Network rules commonly define:
- Message encoding
- Message formatting and encapsulation
- Message size
- Message timing
- Delivery options
- Error handling
A message may be sent to one destination, many destinations, or all devices in a local network segment.
| Delivery Type | Description |
|---|---|
| Unicast | One sender to one receiver. |
| Multicast | One sender to a selected group. |
| Broadcast | One sender to all devices in the local broadcast domain. |
Protocols
A protocol is a set of rules that controls one part of communication. Network communication requires many protocols working together. For example, one protocol may handle addressing, another may handle routing, another may handle reliability, and another may handle application data.
Protocols may define:
- How data is formatted
- How addresses are used
- How errors are reported
- How data is divided and reassembled
- How devices know when to send
- How sessions begin and end
Protocol Suites
A protocol suite is a group of protocols designed to work together. The most important suite in modern networking is the TCP/IP protocol suite, which supports communication on the internet and most private networks.
Common TCP/IP protocols include:
| Protocol | Purpose |
|---|---|
| IP | Provides logical addressing and packet delivery. |
| TCP | Provides reliable transport between applications. |
| UDP | Provides lightweight, connectionless transport. |
| HTTP/HTTPS | Supports web communication. |
| DNS | Resolves names to IP addresses. |
| DHCP | Assigns IP configuration automatically. |
| ICMP | Reports errors and supports testing tools such as ping. |
Standards Organizations
Networking depends on open standards so devices from different vendors can interoperate. Standards organizations develop and maintain technical rules for internet technologies, Ethernet, wireless networks, addressing, and many other systems.
Examples of standards-related groups include organizations focused on internet protocols, addressing coordination, electrical and electronic standards, and telecommunications.
Reference Models
A reference model divides network communication into layers.
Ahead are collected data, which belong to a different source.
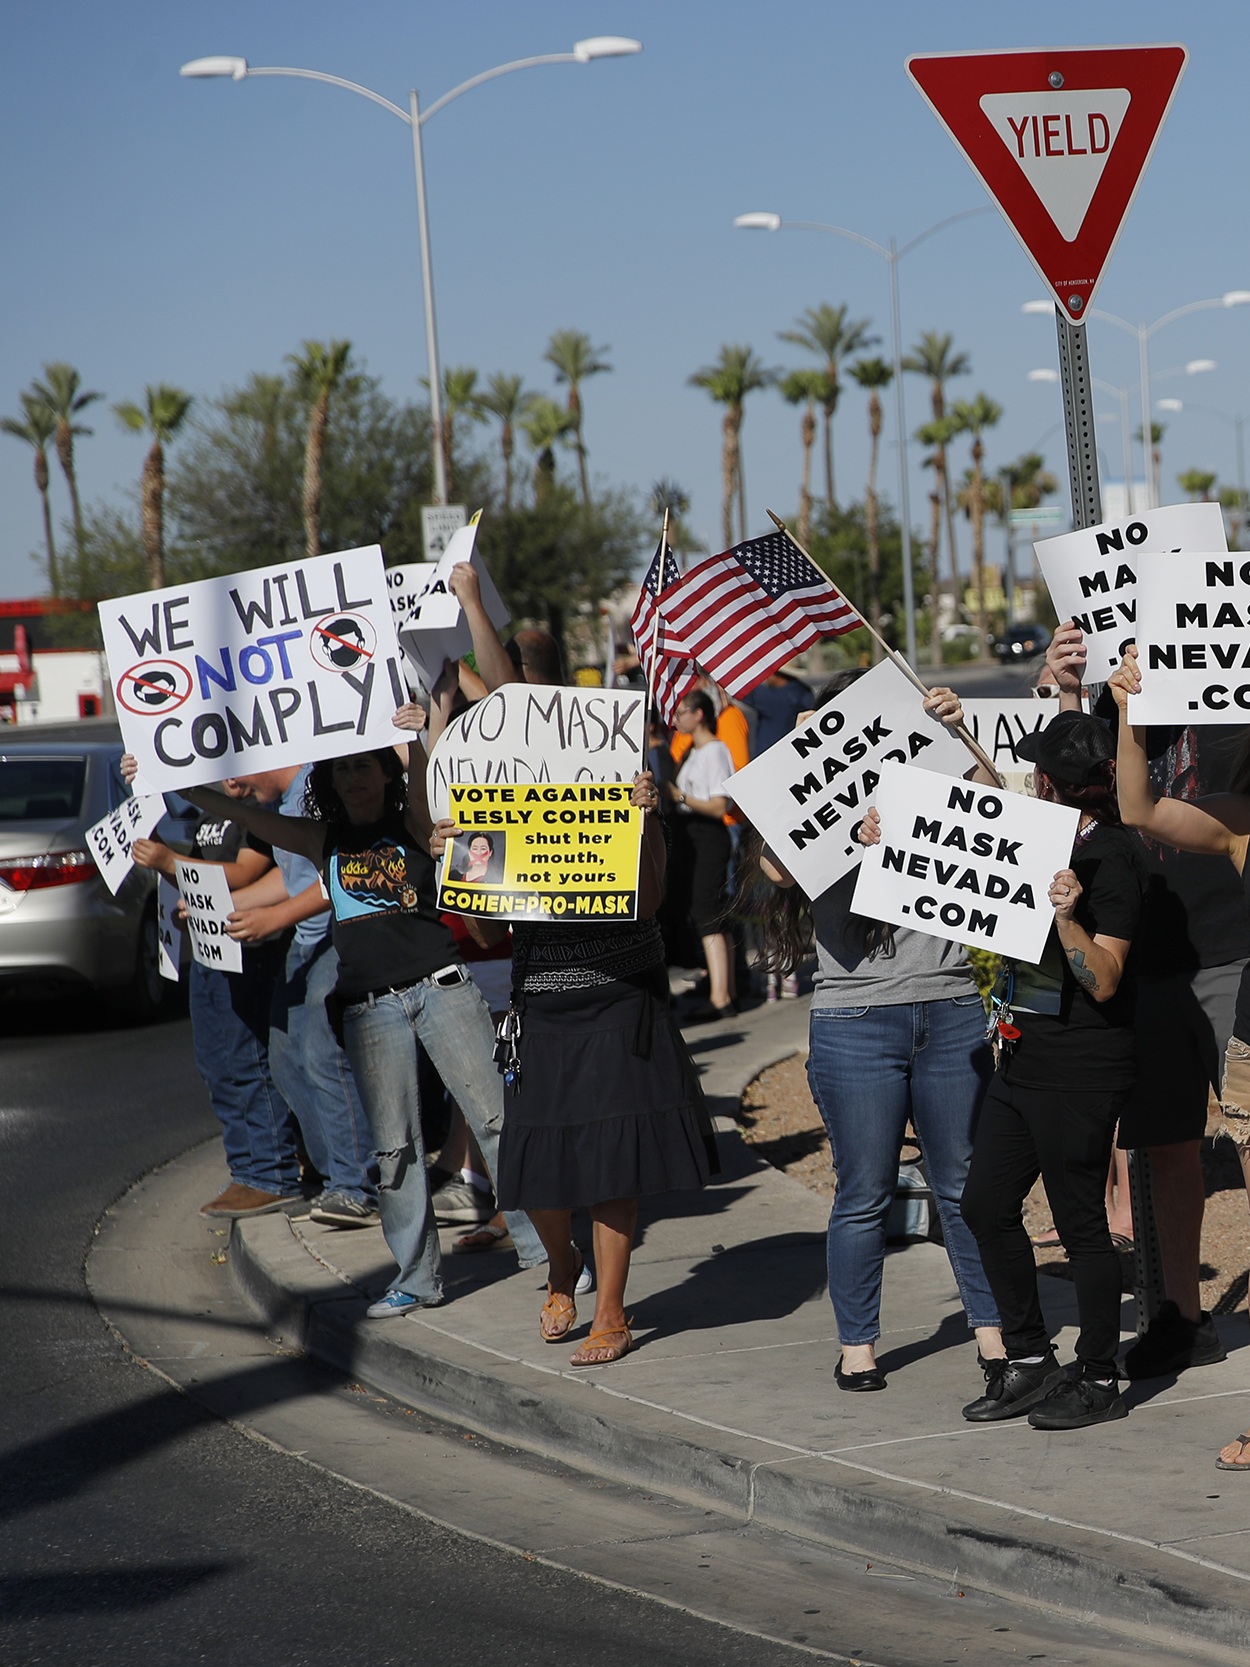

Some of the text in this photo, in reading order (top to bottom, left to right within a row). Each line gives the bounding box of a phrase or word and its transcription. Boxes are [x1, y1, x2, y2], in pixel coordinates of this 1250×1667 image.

[1006, 112, 1110, 158] YIELD
[1095, 522, 1148, 556] NO
[1078, 564, 1137, 598] MA
[118, 596, 194, 657] WE
[228, 562, 373, 634] WILL
[1071, 599, 1137, 635] NEV
[195, 630, 303, 700] NOT
[1108, 637, 1136, 667] .C
[154, 656, 405, 767] COMPLY!
[446, 690, 642, 753] NO MASK
[791, 711, 845, 759] NO
[788, 715, 893, 805] MASK
[451, 787, 634, 803] VOTE AGAINST
[947, 786, 1003, 819] NO
[459, 809, 630, 825] LESLY COHEN
[525, 832, 612, 845] shut her
[912, 815, 1023, 866] MASK
[531, 851, 604, 865] mouth,
[182, 867, 199, 884] NO
[516, 871, 616, 885] not yours
[881, 846, 1036, 909] NEVADA
[182, 889, 215, 911] MASK
[442, 890, 630, 914] COHEN=PRO-MASK
[901, 895, 998, 937] .COM
[189, 915, 229, 937] EVADA
[198, 941, 223, 961] COM
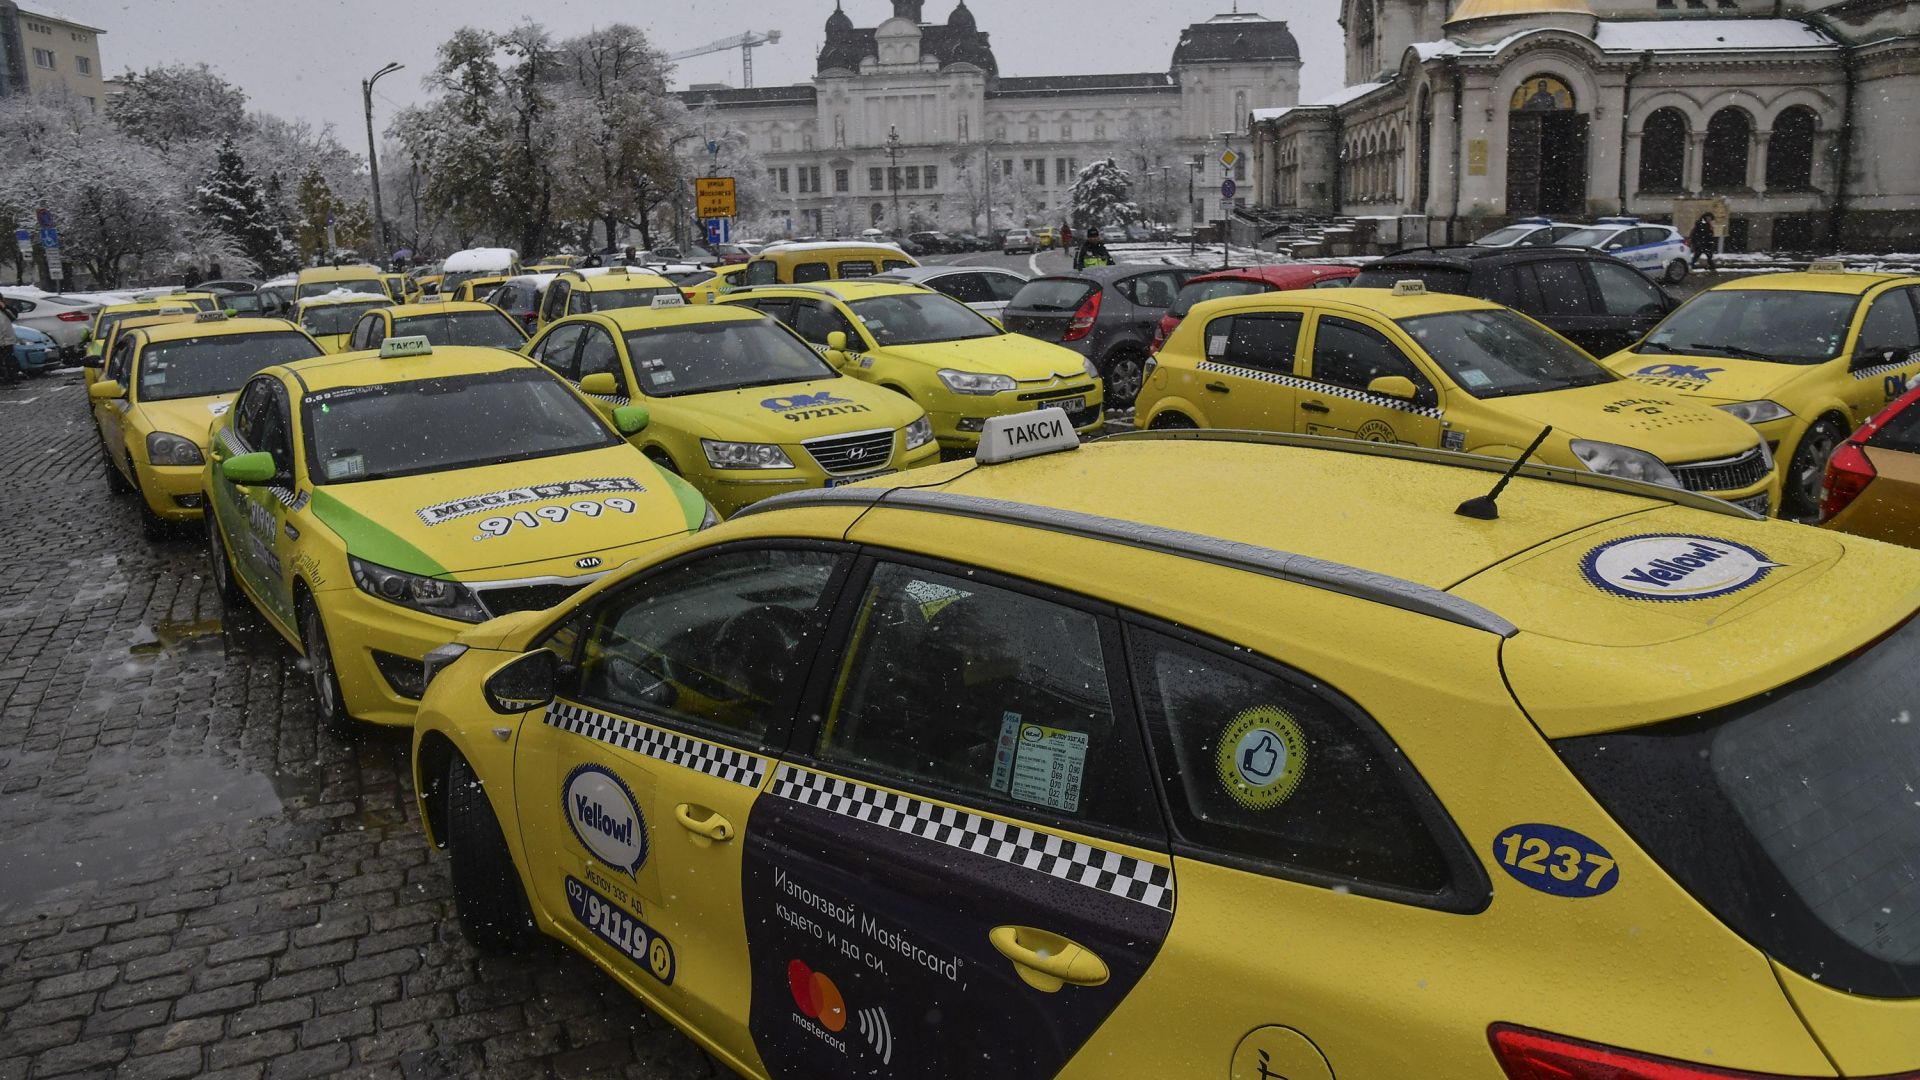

Layered models make complex systems easier to study because each layer has a defined role.
OSI Model
| Layer | Name | Main Idea |
|---|---|---|
| 7 | Application | Network services used by applications. |
| 6 | Presentation | Data formatting, encoding, compression, or encryption. |
| 5 | Session | Manages conversations between applications. |
| 4 | Transport | End-to-end delivery between processes. |
| 3 | Network | Logical addressing and routing. |
| 2 | Data Link | Local delivery on the same network medium. |
| 1 | Physical | Transmission of bits through media. |
TCP/IP Model
| TCP/IP Layer | Related OSI Layers | Main Idea |
|---|---|---|
| Application | OSI 5–7 | Application services and data representation. |
| Transport | OSI 4 | TCP and UDP communication between applications. |
| Internet | OSI 3 | IP addressing and routing. |
| Network Access | OSI 1–2 | Local media access and physical transmission. |
Data Encapsulation
As data moves down the protocol stack, each layer adds control information. This process is called encapsulation. The unit of data at each stage is often called a Protocol Data Unit (PDU).
| Layer Context | PDU Name |
|---|---|
| Application data | Data |
| Transport layer | Segment or datagram |
| Network layer | Packet |
| Data link layer | Frame |
| Physical layer | Bits |
When data reaches the destination, the receiving device removes the added information step by step. This reverse process is called de-encapsulation.
Diagram description: An encapsulation diagram usually shows data moving downward through layers. Each layer adds a header, and the data becomes a segment, packet, frame, and finally bits on the medium.
Data Access
To deliver data, a device needs both logical and physical addressing. The IP address identifies the source and destination across networks, while the MAC address is used for delivery on the local link.
When a message stays within the same network, the sender uses the destination device's MAC address. When a message must reach a remote network, the sender uses the MAC address of the default gateway for the next local hop.